What’s in it for Colorado’s Steel City? Pueblo’s Pulp asks Sen. Leroy Garcia

For an alternative take on the General Assembly — one that’s as authentically Colorado as metro Denver’s, yet entirely different — look no further than Pueblo-based Pulp Newsmagazine’s debrief with Pueblo Democratic state Sen. Leroy Garcia.

Garcia, who is assistant Democratic leader in the GOP-run upper chamber, sat recently with Pulp News Editor Kara Mason and reviewed legislative business from a Pueblo-centric perspective as the 2017 session nears its end. His remarks offer a glimpse into the distinct political and economic priorities of the onetime industrial center. Some highlights:

Biggest win for southern Colorado in the legislature this year?
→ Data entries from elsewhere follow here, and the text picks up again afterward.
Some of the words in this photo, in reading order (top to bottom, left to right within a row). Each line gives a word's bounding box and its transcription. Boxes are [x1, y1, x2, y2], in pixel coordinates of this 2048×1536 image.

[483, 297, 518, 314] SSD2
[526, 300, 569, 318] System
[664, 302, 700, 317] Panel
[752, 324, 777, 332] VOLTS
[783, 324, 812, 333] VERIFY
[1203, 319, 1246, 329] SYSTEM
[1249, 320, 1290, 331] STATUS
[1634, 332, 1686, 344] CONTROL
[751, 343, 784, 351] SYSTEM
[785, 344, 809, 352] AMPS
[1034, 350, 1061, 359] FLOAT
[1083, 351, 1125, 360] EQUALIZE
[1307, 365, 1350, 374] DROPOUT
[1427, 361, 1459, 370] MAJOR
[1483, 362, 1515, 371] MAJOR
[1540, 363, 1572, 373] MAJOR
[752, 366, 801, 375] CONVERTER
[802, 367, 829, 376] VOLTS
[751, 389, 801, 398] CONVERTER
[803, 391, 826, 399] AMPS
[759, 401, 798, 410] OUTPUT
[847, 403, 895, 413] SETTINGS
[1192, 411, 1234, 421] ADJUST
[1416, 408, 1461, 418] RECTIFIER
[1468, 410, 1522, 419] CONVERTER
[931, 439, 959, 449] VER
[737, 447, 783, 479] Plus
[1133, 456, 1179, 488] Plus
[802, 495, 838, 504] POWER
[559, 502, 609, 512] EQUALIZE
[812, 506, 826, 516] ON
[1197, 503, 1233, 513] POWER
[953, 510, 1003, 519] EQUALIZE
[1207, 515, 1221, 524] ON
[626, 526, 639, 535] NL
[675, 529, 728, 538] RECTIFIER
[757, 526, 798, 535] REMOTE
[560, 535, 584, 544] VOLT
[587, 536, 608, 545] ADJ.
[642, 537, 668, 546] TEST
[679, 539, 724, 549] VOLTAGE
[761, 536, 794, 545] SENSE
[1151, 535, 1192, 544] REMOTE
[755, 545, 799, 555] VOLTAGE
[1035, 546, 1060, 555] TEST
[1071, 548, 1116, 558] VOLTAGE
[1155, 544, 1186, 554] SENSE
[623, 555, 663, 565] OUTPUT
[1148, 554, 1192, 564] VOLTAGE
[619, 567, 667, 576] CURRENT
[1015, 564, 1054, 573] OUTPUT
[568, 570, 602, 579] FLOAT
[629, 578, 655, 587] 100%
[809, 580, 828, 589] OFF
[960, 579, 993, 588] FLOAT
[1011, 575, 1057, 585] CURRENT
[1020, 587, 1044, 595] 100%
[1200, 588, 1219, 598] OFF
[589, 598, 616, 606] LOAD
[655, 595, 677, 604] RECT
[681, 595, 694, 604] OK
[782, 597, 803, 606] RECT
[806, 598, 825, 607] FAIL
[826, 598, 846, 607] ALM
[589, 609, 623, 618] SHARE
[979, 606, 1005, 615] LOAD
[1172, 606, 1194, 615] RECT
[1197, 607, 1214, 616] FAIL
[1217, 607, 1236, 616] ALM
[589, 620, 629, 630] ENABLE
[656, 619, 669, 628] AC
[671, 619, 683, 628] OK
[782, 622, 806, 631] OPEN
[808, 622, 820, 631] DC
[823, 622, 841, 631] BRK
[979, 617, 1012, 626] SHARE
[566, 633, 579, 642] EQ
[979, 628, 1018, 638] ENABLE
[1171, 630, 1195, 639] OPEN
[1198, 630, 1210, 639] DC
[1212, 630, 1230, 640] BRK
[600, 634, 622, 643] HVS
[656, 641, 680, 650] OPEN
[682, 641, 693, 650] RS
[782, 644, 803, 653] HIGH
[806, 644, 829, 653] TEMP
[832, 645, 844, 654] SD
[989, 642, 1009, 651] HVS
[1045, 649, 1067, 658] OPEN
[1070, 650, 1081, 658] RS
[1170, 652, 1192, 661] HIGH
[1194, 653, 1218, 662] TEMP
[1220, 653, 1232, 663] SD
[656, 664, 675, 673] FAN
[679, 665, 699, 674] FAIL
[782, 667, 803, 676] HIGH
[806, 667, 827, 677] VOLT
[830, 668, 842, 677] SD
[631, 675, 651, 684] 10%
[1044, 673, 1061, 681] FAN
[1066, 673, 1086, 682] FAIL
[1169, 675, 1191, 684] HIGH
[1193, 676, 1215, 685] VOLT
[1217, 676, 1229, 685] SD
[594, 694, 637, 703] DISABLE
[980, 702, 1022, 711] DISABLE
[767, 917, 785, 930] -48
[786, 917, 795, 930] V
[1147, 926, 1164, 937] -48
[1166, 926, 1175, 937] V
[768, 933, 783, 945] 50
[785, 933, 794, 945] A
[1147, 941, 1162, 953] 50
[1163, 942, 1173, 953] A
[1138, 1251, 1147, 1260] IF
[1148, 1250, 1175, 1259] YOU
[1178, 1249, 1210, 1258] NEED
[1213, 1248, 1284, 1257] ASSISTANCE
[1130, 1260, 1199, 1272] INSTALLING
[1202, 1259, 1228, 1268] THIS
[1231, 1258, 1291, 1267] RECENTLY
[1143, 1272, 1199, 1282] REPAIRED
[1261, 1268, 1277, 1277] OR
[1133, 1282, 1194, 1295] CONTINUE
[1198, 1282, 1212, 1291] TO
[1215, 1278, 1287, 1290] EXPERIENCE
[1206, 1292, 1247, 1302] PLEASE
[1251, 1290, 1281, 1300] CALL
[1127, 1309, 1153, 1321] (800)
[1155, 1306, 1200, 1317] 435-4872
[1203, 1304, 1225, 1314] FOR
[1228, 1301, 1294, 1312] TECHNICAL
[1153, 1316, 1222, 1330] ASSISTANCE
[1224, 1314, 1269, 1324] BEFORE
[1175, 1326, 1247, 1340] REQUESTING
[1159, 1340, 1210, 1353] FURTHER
…greater transparency for electric bills. The lobbying core from investor-owned utilities really fought hard to amend it and water it down and what was so great about the process is were able to fight that off …

The other is the heroin legislation that will create a pilot program here in Pueblo County (to credential certain health workers to treat addiction related to opiates).

The urban-rural divide?

There are rural communities that are disintegrating and find themselves crippled by no economic opportunities, no funding, no diversified industries. Pueblo has been lucky and we’ve weathered it well. When you look to the number of legislators we have compared to, say, Aurora, we’ve done fairly well.

Our funding for the Colorado State Fair, for the Colorado Lottery, CSU-Pueblo, PCC. Funding for capital infrastructure as well as higher education has done very well. And we have strong advocates. Look at Rep. Daneya Esgar, who’s chair of the capital development committee. I serve on appropriations and the assistant minority leader. We have legislators  —  even if only a few  —  that are in key positions.

The impact on Pueblo of legislative efforts to create jobs?

Pueblo has a great opportunity for health care. It’s a regional hub for healthcare. And look at what the payout is for those investments — and not just nurses — but even in something like the psychiatric technician realm, or in other areas.

Look at (wind-turbine manufacturer) Vestas — it’s proving to be unique. Some of those employers say we can’t attract and retain people fast enough. I think that’s a local challenge we have to address inside.